TASK STATEMENT
Write the entries out again exactly; any picture among them gets left out.
=====
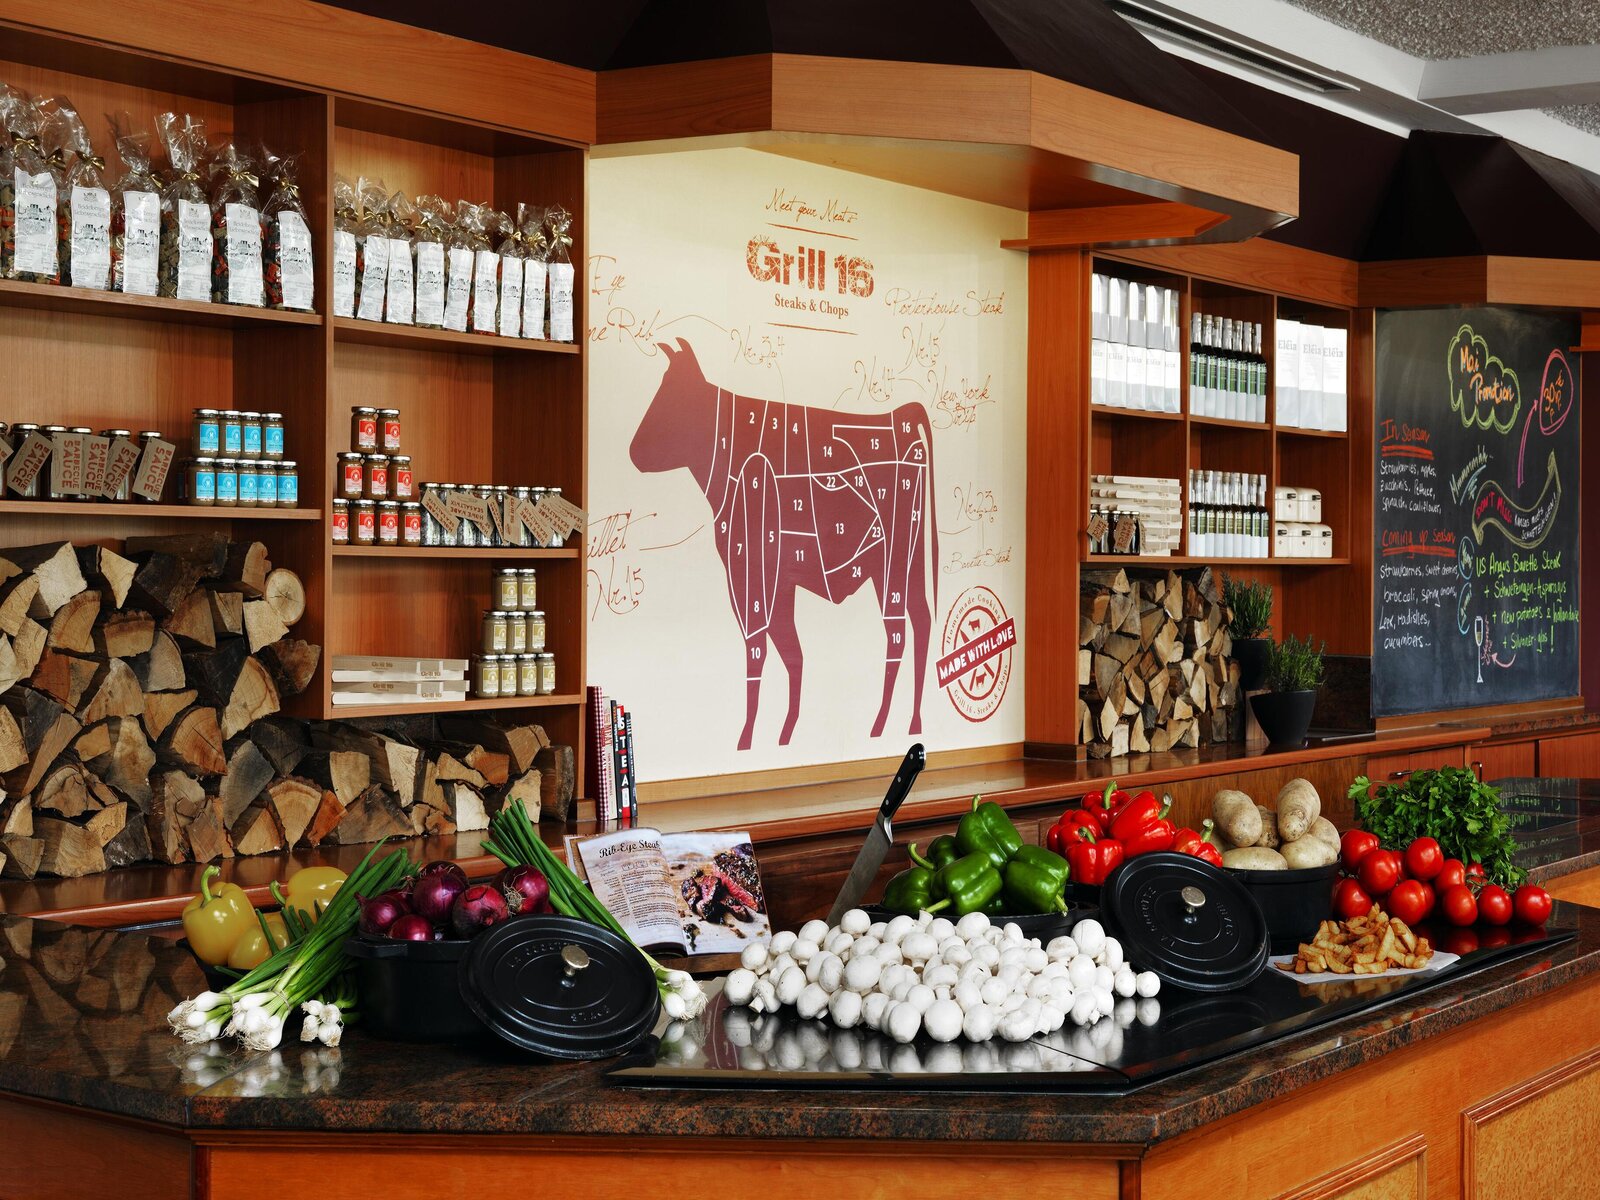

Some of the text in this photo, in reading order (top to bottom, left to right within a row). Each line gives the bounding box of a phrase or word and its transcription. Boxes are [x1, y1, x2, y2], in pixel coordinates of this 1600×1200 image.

[766, 188, 806, 211] Meet
[796, 206, 817, 222] your
[746, 235, 874, 298] Grill 16
[774, 293, 848, 320] Steaks & Chops
[885, 286, 1005, 316] Porterhouse Steak
[607, 307, 661, 357] Rib
[927, 365, 958, 408] New
[750, 413, 754, 424] 2
[773, 418, 778, 429] 3
[792, 423, 798, 434] 4
[902, 422, 910, 433] 16
[1380, 418, 1399, 443] In
[722, 438, 726, 449] 1
[870, 439, 880, 450] 15
[823, 446, 832, 457] 14
[914, 449, 922, 460] 25
[11, 441, 44, 486] SAUCE
[21, 446, 51, 490] BARBECUE
[62, 440, 73, 488] SAUCE
[72, 440, 81, 489] BARBECUE
[85, 443, 100, 490] SAUCE
[94, 443, 107, 491] BARBECUE
[104, 447, 130, 491] SAUCE
[144, 446, 165, 493] SAUCE
[109, 452, 138, 494] BARBECUE
[153, 449, 173, 495] BARBECUE
[752, 478, 758, 488] 6
[826, 477, 836, 488] 22
[855, 476, 863, 486] 18
[902, 479, 910, 490] 19
[878, 488, 886, 500] 17
[794, 500, 802, 510] 12
[912, 510, 920, 521] 21
[721, 522, 726, 532] 9
[836, 524, 844, 534] 13
[872, 527, 881, 538] 23
[769, 532, 774, 542] 5
[737, 544, 742, 554] 7
[796, 550, 804, 561] 11
[1476, 556, 1487, 578] US
[1489, 552, 1510, 578] Angus
[1542, 550, 1562, 570] Steak
[852, 566, 862, 578] 24
[892, 592, 900, 603] 20
[754, 602, 760, 612] 8
[946, 594, 1001, 644] Homemade Cooking
[892, 632, 900, 644] 10
[751, 648, 760, 658] 10
[938, 626, 1014, 680] MADE WITH LOVE
[599, 839, 660, 858] Rib-Eye Steak
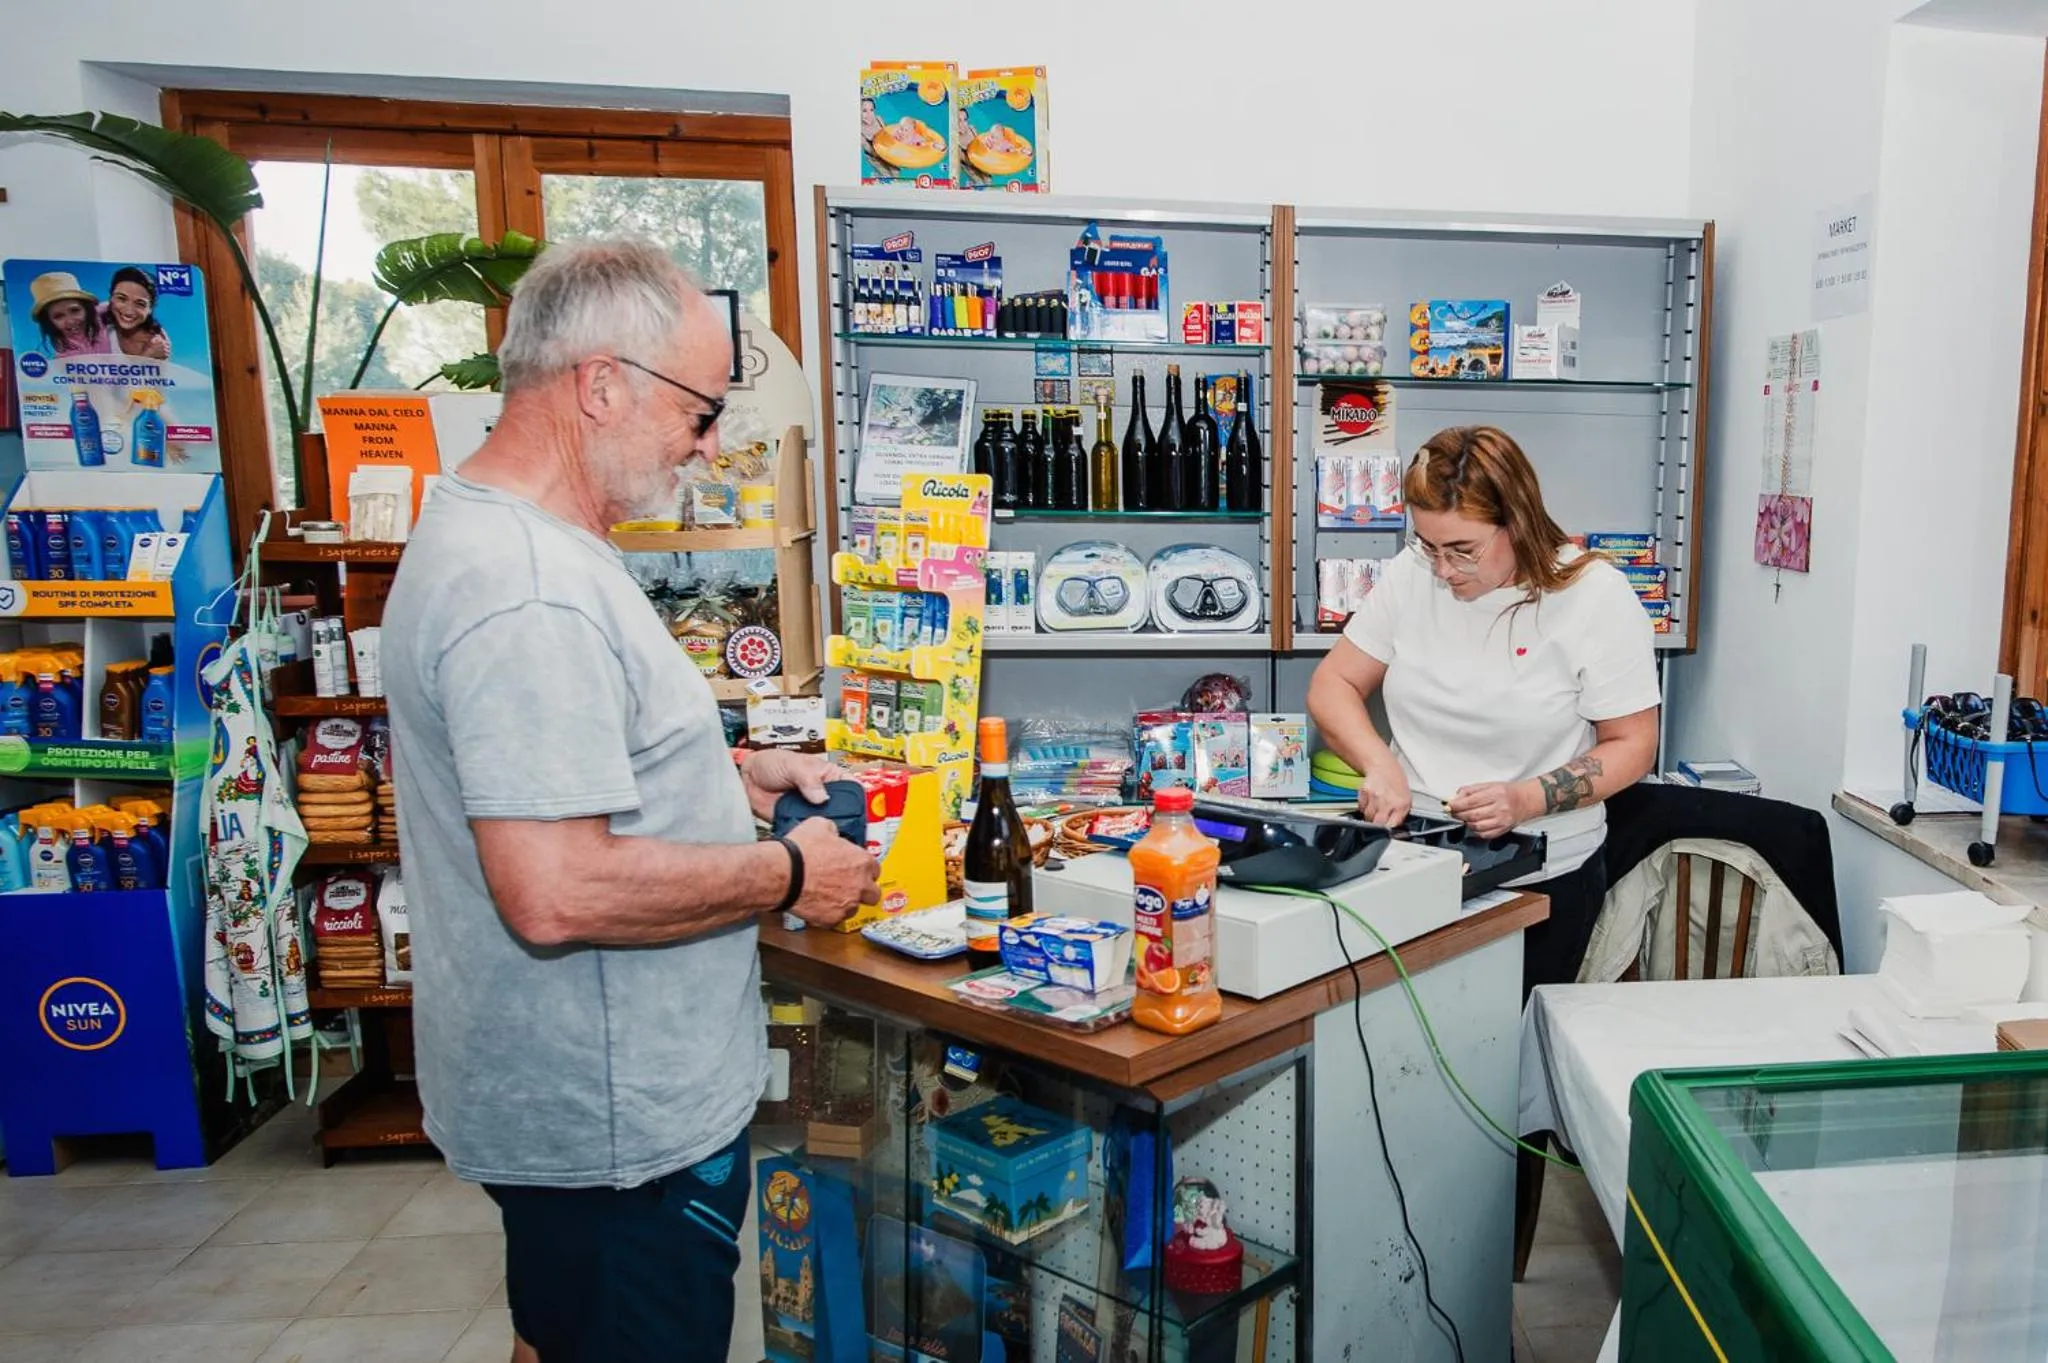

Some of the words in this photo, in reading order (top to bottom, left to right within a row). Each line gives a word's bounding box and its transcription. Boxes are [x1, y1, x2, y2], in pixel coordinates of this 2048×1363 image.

[66, 363, 160, 377] PROTEGGITI
[53, 376, 75, 384] CON
[78, 377, 87, 385] IL
[89, 377, 128, 385] MEGLIO
[131, 378, 142, 386] DI
[145, 378, 175, 386] NIVEA
[322, 408, 366, 417] MANNA
[369, 409, 389, 417] DAL
[393, 409, 425, 417] CIELO
[1331, 407, 1377, 422] MIKADO
[354, 423, 398, 432] MANNA
[362, 436, 394, 444] FROM
[360, 450, 403, 458] HEAVEN
[922, 479, 969, 498] Ricola
[48, 568, 65, 579] 30
[32, 590, 76, 598] ROUTINE
[47, 747, 123, 759] PROTEZIONE
[126, 750, 150, 759] PER
[41, 757, 71, 766] OGNI
[72, 758, 102, 768] TIPO
[105, 760, 117, 768] DI
[120, 760, 157, 770] PELLE
[310, 750, 352, 769] pastine
[323, 911, 364, 931] riccioli
[51, 1002, 116, 1018] NIVEA
[66, 1019, 102, 1031] SUN
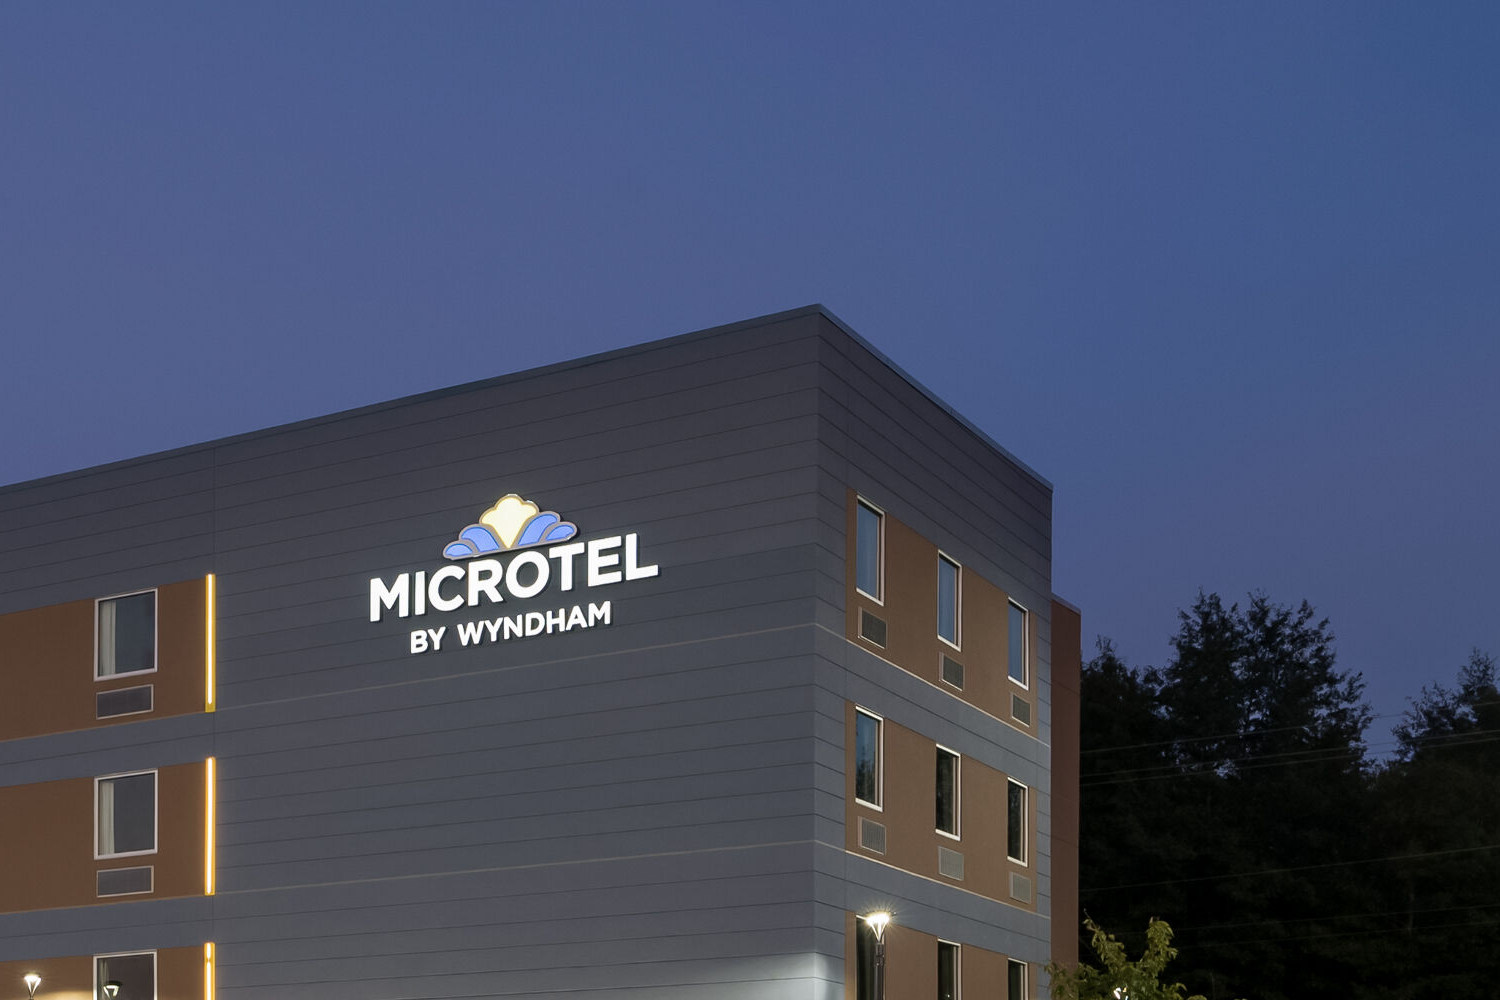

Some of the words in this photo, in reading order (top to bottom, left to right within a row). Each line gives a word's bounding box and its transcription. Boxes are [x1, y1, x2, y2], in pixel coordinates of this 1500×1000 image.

[369, 533, 659, 622] MICROTEL
[410, 626, 446, 654] BY
[457, 600, 612, 647] WYNDHAM
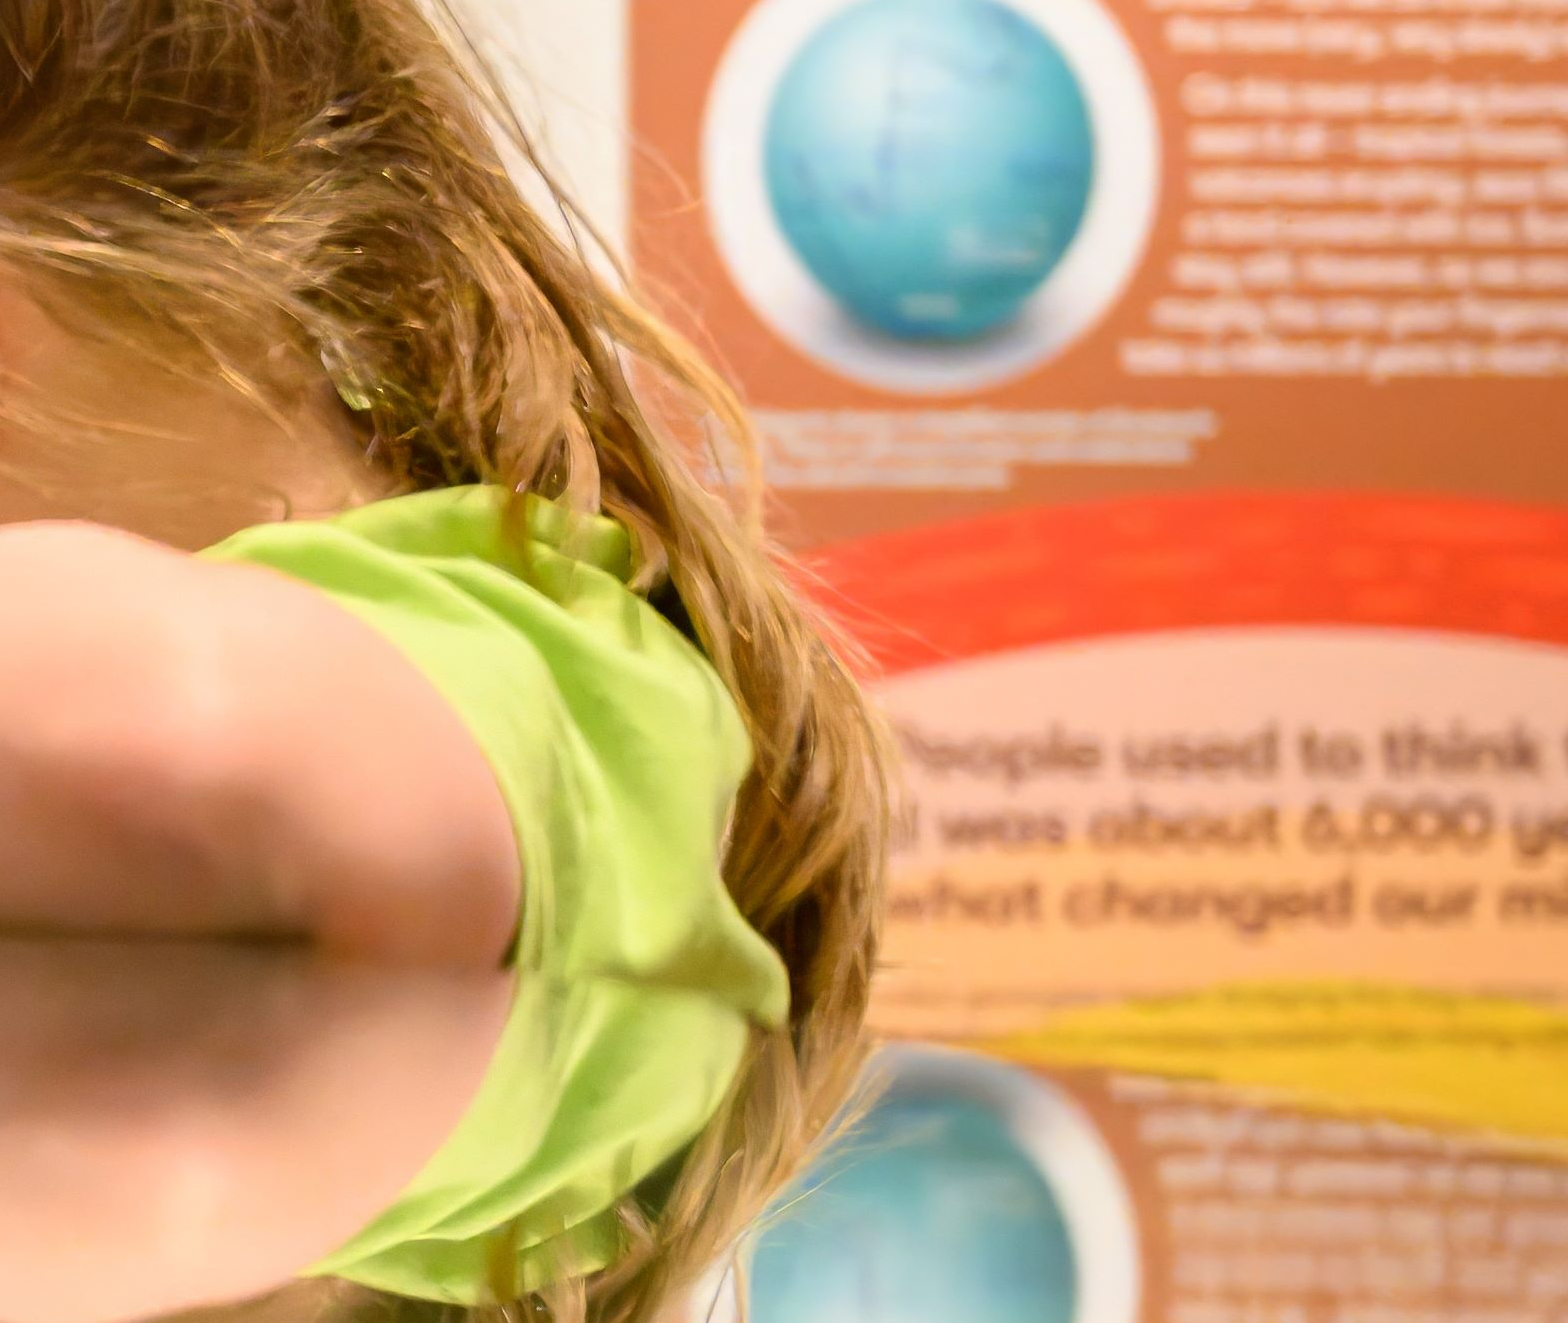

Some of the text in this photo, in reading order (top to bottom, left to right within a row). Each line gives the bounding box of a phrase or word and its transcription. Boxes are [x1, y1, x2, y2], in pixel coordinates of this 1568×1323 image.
=====
YOUR SOLUTION
Some of the text in this photo, in reading order (top to bottom, left to right within a row). Each line gives the bounding box of a phrase or word and its transcription. Boxes are [x1, y1, x2, y2], in pixel coordinates of this 1600×1200 image.

[766, 188, 806, 211] Meet
[796, 206, 817, 222] your
[746, 235, 874, 298] Grill 16
[774, 293, 848, 320] Steaks & Chops
[885, 286, 1005, 316] Porterhouse Steak
[607, 307, 661, 357] Rib
[927, 365, 958, 408] New
[750, 413, 754, 424] 2
[773, 418, 778, 429] 3
[792, 423, 798, 434] 4
[902, 422, 910, 433] 16
[1380, 418, 1399, 443] In
[722, 438, 726, 449] 1
[870, 439, 880, 450] 15
[823, 446, 832, 457] 14
[914, 449, 922, 460] 25
[11, 441, 44, 486] SAUCE
[21, 446, 51, 490] BARBECUE
[62, 440, 73, 488] SAUCE
[72, 440, 81, 489] BARBECUE
[85, 443, 100, 490] SAUCE
[94, 443, 107, 491] BARBECUE
[104, 447, 130, 491] SAUCE
[144, 446, 165, 493] SAUCE
[109, 452, 138, 494] BARBECUE
[153, 449, 173, 495] BARBECUE
[752, 478, 758, 488] 6
[826, 477, 836, 488] 22
[855, 476, 863, 486] 18
[902, 479, 910, 490] 19
[878, 488, 886, 500] 17
[794, 500, 802, 510] 12
[912, 510, 920, 521] 21
[721, 522, 726, 532] 9
[836, 524, 844, 534] 13
[872, 527, 881, 538] 23
[769, 532, 774, 542] 5
[737, 544, 742, 554] 7
[796, 550, 804, 561] 11
[1476, 556, 1487, 578] US
[1489, 552, 1510, 578] Angus
[1542, 550, 1562, 570] Steak
[852, 566, 862, 578] 24
[892, 592, 900, 603] 20
[754, 602, 760, 612] 8
[946, 594, 1001, 644] Homemade Cooking
[892, 632, 900, 644] 10
[751, 648, 760, 658] 10
[938, 626, 1014, 680] MADE WITH LOVE
[599, 839, 660, 858] Rib-Eye Steak

Some of the words in this photo, in reading order (top to bottom, left to right within a row). Each line gives a word's bounding box and its transcription. Boxes are [x1, y1, x2, y2], in pixel coordinates of this 2048×1363 image.

[66, 363, 160, 377] PROTEGGITI
[53, 376, 75, 384] CON
[78, 377, 87, 385] IL
[89, 377, 128, 385] MEGLIO
[131, 378, 142, 386] DI
[145, 378, 175, 386] NIVEA
[322, 408, 366, 417] MANNA
[369, 409, 389, 417] DAL
[393, 409, 425, 417] CIELO
[1331, 407, 1377, 422] MIKADO
[354, 423, 398, 432] MANNA
[362, 436, 394, 444] FROM
[360, 450, 403, 458] HEAVEN
[922, 479, 969, 498] Ricola
[48, 568, 65, 579] 30
[32, 590, 76, 598] ROUTINE
[47, 747, 123, 759] PROTEZIONE
[126, 750, 150, 759] PER
[41, 757, 71, 766] OGNI
[72, 758, 102, 768] TIPO
[105, 760, 117, 768] DI
[120, 760, 157, 770] PELLE
[310, 750, 352, 769] pastine
[323, 911, 364, 931] riccioli
[51, 1002, 116, 1018] NIVEA
[66, 1019, 102, 1031] SUN

Some of the words in this photo, in reading order (top to bottom, left to right within a row). Each line gives a word's bounding box and its transcription. Boxes are [x1, y1, x2, y2], in pixel coordinates of this 1500×1000 image.

[369, 533, 659, 622] MICROTEL
[410, 626, 446, 654] BY
[457, 600, 612, 647] WYNDHAM

Some of the text in this photo, in reading order (top to bottom, left to right within a row). Each line gives the bounding box of a phrase or word and its transcription. Boxes are [x1, y1, x2, y2], in pixel coordinates of this 1568×1323 image.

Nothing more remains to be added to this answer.